Prism lenses are the most common non-surgical treatment. A prism bends light before it enters your eye, shifting the image so it lands in the right spot despite the misalignment. For smaller deviations, the prism can be ground directly into your glasses, and lenses up to about 10 prism diopters are generally well tolerated this way. For larger deviations, a stick-on Fresnel prism can be applied to one lens of your glasses. These are thinner and lighter than ground-in prisms, making them practical for corrections in the range of 12 to 25 prism diopters. Most patients need a prism that corrects at least 65% of their total deviation to eliminate the double vision.

Prisms work well as a temporary solution or for stable, smaller misalignments. They don’t fix the underlying problem, but they can make the double vision disappear while you’re wearing them.

When Surgery Is Considered

If the misalignment is large, stable, and not improving on its own, surgery on the eye muscles can realign the eyes. The procedure involves loosening or tightening one or more of the horizontal muscles to bring both eyes back into alignment. Surgery for horizontal misalignment has a success rate of 60% to 80% overall, with success defined as reducing the remaining deviation to within 10 prism diopters of perfect alignment.

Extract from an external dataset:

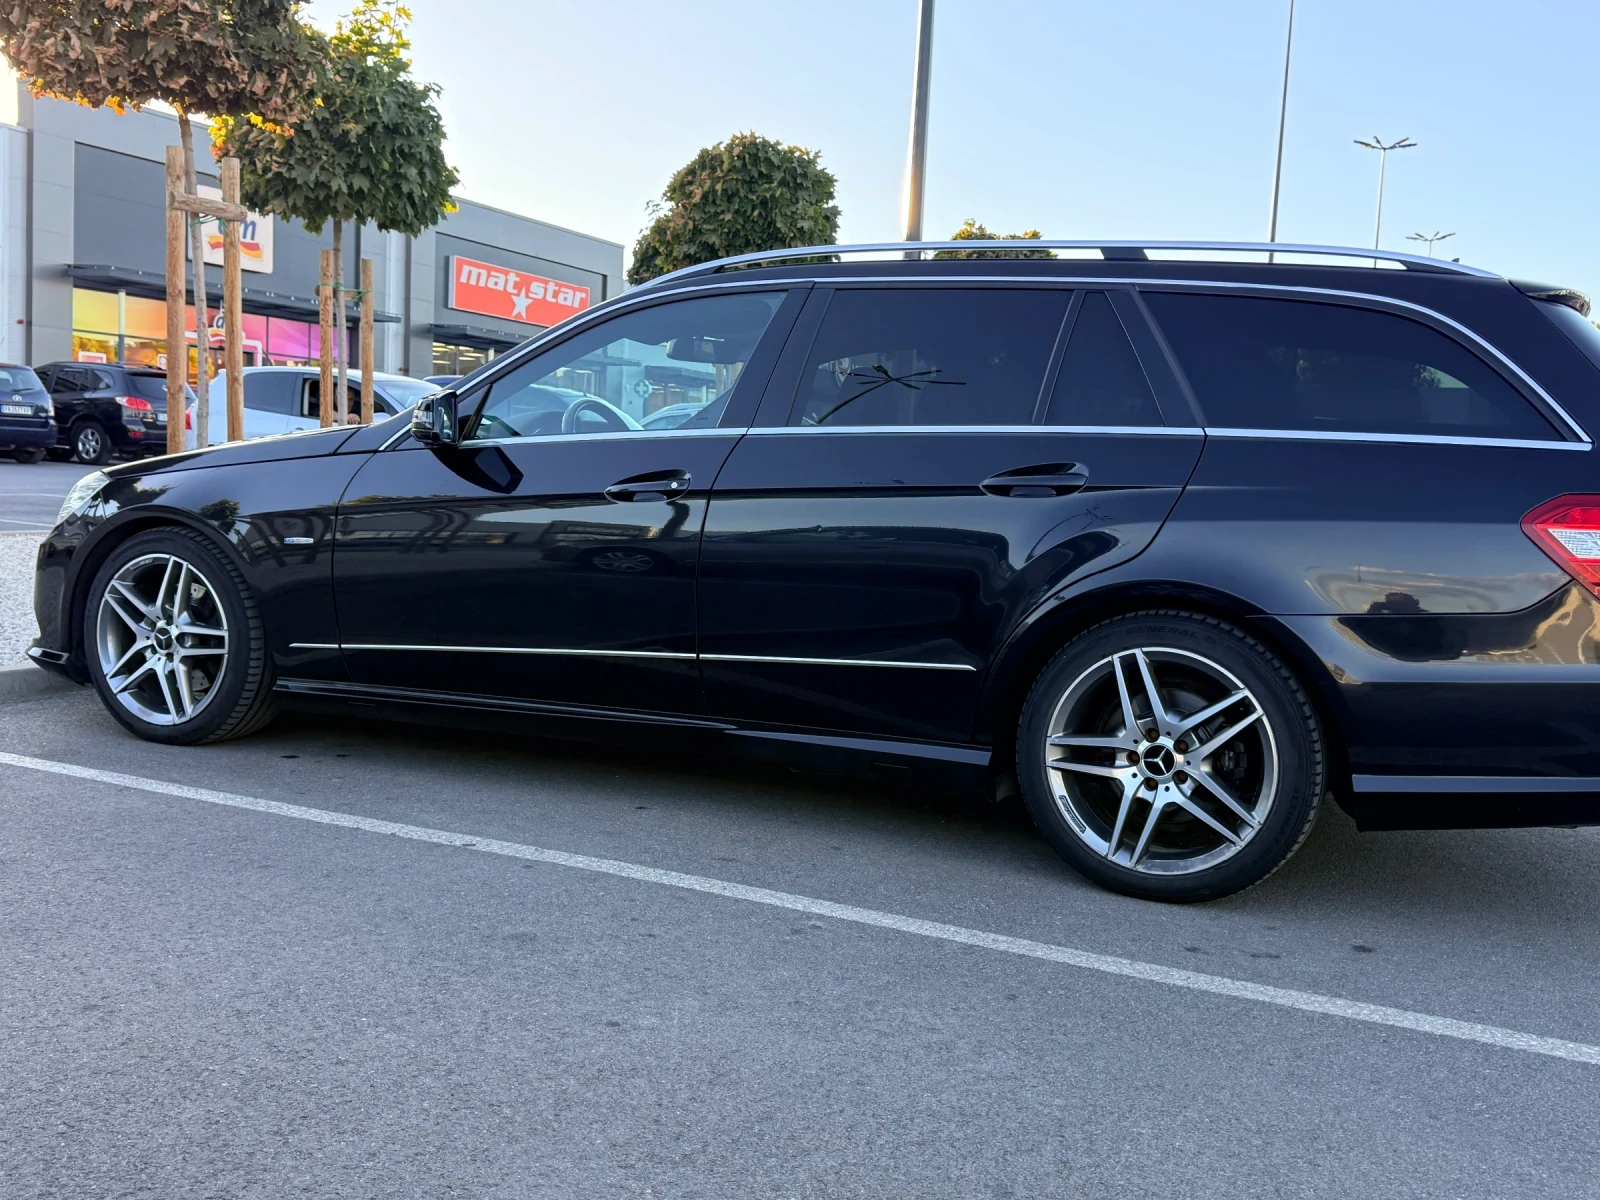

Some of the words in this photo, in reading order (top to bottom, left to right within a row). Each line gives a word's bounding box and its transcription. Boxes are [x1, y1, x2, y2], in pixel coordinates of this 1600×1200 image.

Certain factors predict better outcomes. Eyes that drift inward (esotropia) tend to do better surgically than eyes that drift outward (exotropia), partly because outward-drifting eyes have a higher tendency to gradually drift back after surgery. One study found that esotropia carried more than four times the odds of surgical success compared to exotropia. The absence of significant vision loss in the weaker eye also strongly predicted a good result, with nearly six times higher odds of success. Using adjustable sutures, which allow fine-tuning of the muscle position shortly after surgery, has also been shown to improve outcomes significantly compared to fixed sutures (75.7% vs. 54% success).

For thyroid eye disease, surgery is typically delayed until the active inflammatory phase has passed and the eye position has been stable for at least six months. Myasthenia gravis is generally managed with medications that improve nerve-to-muscle signaling, and surgery is rarely the first-line approach.